## Exercise description
Go to the line that includes "Some of the words" and retype it, then every line after it to the end of the data, adding nothing.

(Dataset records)
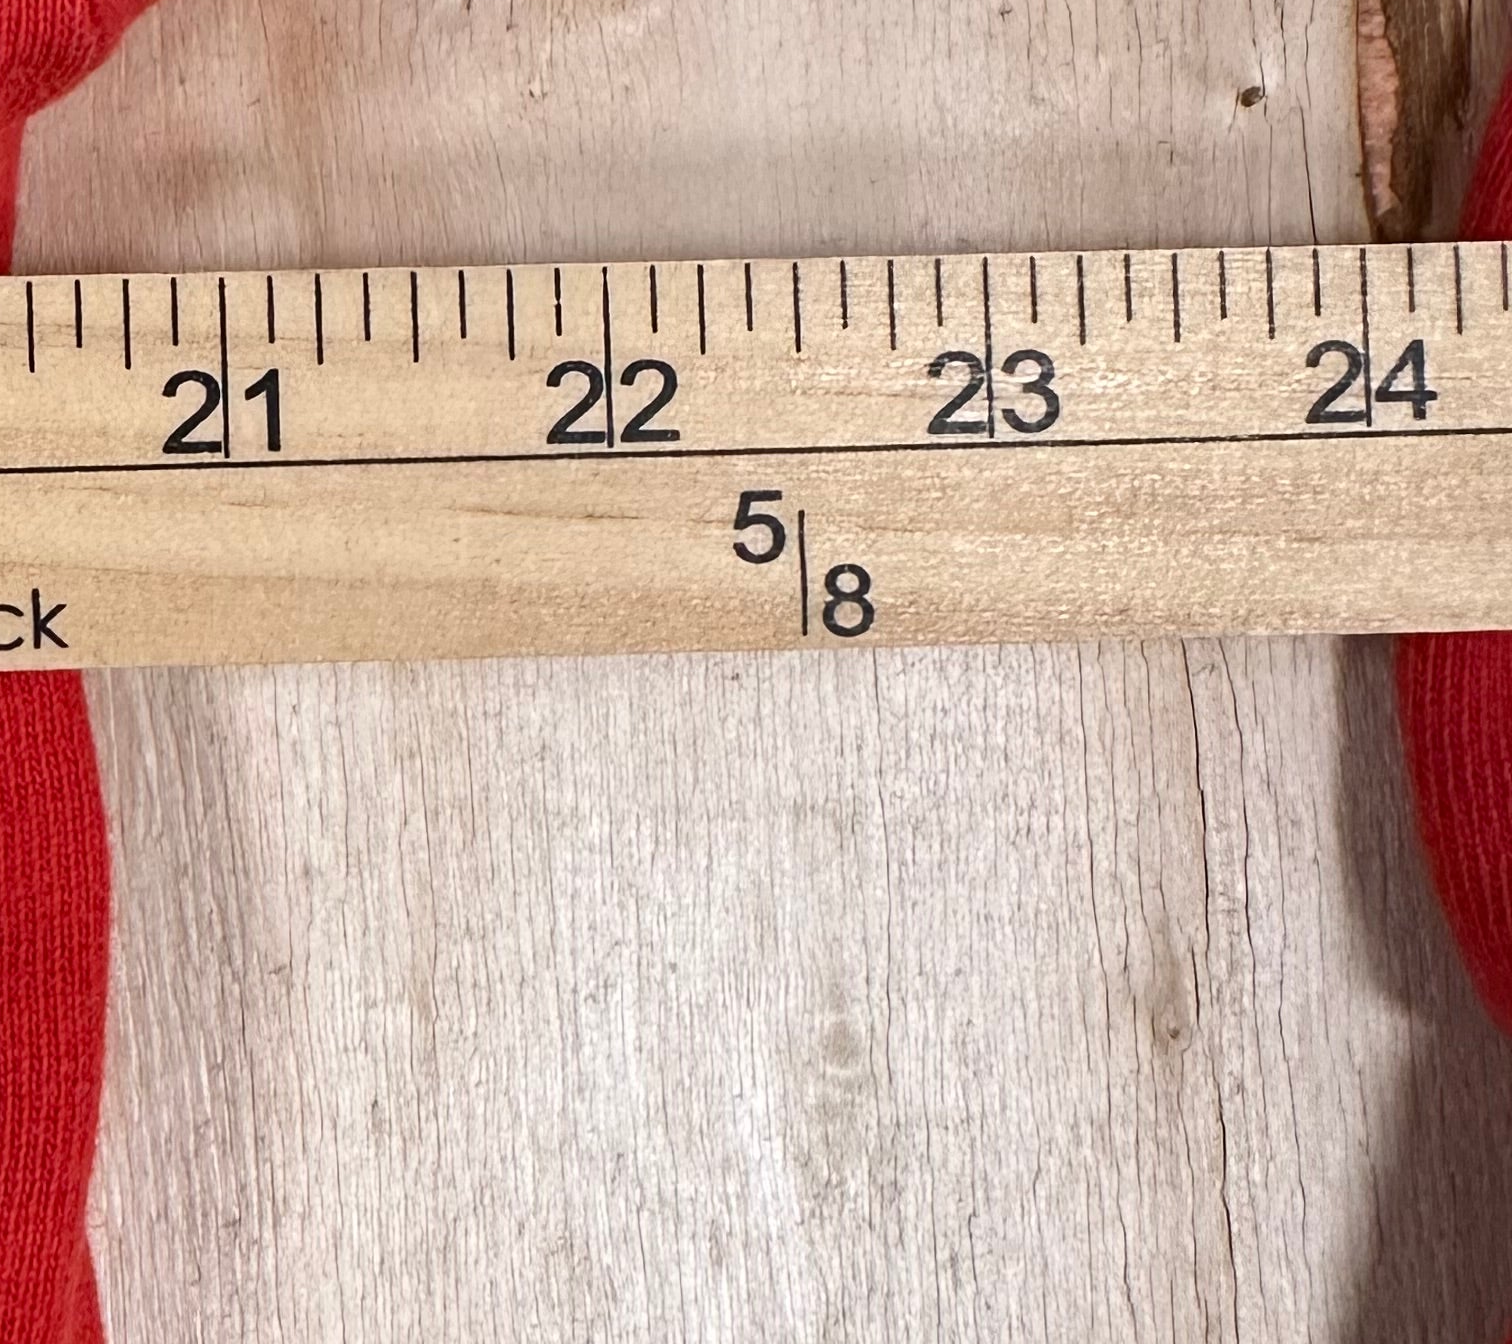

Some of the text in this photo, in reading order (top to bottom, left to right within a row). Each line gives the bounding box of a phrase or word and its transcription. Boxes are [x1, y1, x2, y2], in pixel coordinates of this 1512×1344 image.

[162, 369, 282, 455] 21
[546, 360, 681, 445] 22
[927, 350, 1060, 435] 23
[1305, 340, 1437, 424] 24
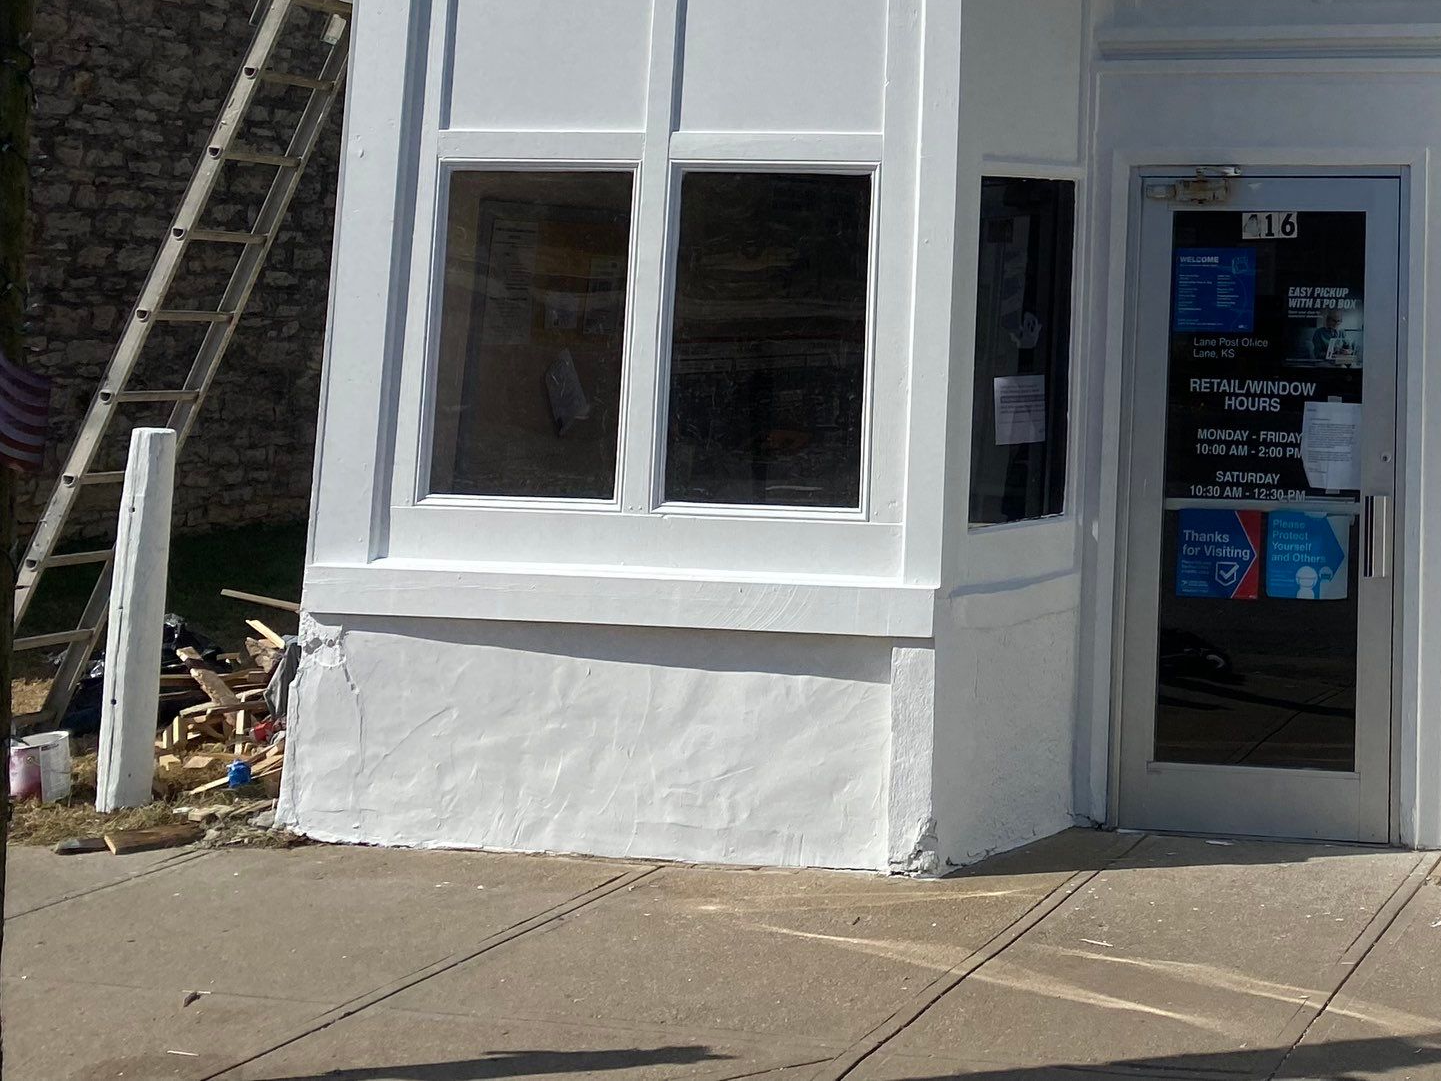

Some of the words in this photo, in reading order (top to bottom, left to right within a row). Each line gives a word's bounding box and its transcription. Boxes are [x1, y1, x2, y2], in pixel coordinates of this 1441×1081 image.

[1288, 287, 1313, 297] EASY
[1314, 287, 1350, 298] PICKUP
[1288, 298, 1313, 308] WITH
[1314, 299, 1321, 308] A
[1323, 299, 1336, 309] PO
[1337, 299, 1357, 309] BOX
[1193, 337, 1217, 346] Lane
[1219, 337, 1239, 347] Post
[1193, 349, 1218, 359] Lane,
[1221, 349, 1235, 358] KS
[1190, 378, 1316, 396] RETAIL/WINDOW
[1224, 396, 1281, 412] HOURS
[1197, 429, 1250, 441] MONDAY
[1260, 431, 1303, 444] FRIDAY
[1195, 443, 1226, 455] 10:00
[1229, 445, 1248, 456] AM
[1258, 446, 1283, 458] 2:00
[1216, 471, 1280, 484] SATURDAY
[1190, 485, 1220, 497] 10:30
[1223, 486, 1243, 498] AM
[1253, 488, 1283, 500] 12:30
[1286, 490, 1306, 501] PM
[1272, 519, 1306, 529] Please
[1183, 529, 1229, 543] Thanks
[1272, 530, 1308, 540] Protect
[1182, 544, 1201, 556] for
[1203, 545, 1251, 561] Visiting
[1272, 541, 1312, 552] Yourself
[1271, 553, 1290, 562] and
[1292, 553, 1326, 563] Others

## Output of the exercise
Some of the words in this photo, in reading order (top to bottom, left to right within a row). Each line gives a word's bounding box and its transcription. Boxes are [x1, y1, x2, y2], in pixel coordinates of this 1441×1081 image.

[1288, 287, 1313, 297] EASY
[1314, 287, 1350, 298] PICKUP
[1288, 298, 1313, 308] WITH
[1314, 299, 1321, 308] A
[1323, 299, 1336, 309] PO
[1337, 299, 1357, 309] BOX
[1193, 337, 1217, 346] Lane
[1219, 337, 1239, 347] Post
[1193, 349, 1218, 359] Lane,
[1221, 349, 1235, 358] KS
[1190, 378, 1316, 396] RETAIL/WINDOW
[1224, 396, 1281, 412] HOURS
[1197, 429, 1250, 441] MONDAY
[1260, 431, 1303, 444] FRIDAY
[1195, 443, 1226, 455] 10:00
[1229, 445, 1248, 456] AM
[1258, 446, 1283, 458] 2:00
[1216, 471, 1280, 484] SATURDAY
[1190, 485, 1220, 497] 10:30
[1223, 486, 1243, 498] AM
[1253, 488, 1283, 500] 12:30
[1286, 490, 1306, 501] PM
[1272, 519, 1306, 529] Please
[1183, 529, 1229, 543] Thanks
[1272, 530, 1308, 540] Protect
[1182, 544, 1201, 556] for
[1203, 545, 1251, 561] Visiting
[1272, 541, 1312, 552] Yourself
[1271, 553, 1290, 562] and
[1292, 553, 1326, 563] Others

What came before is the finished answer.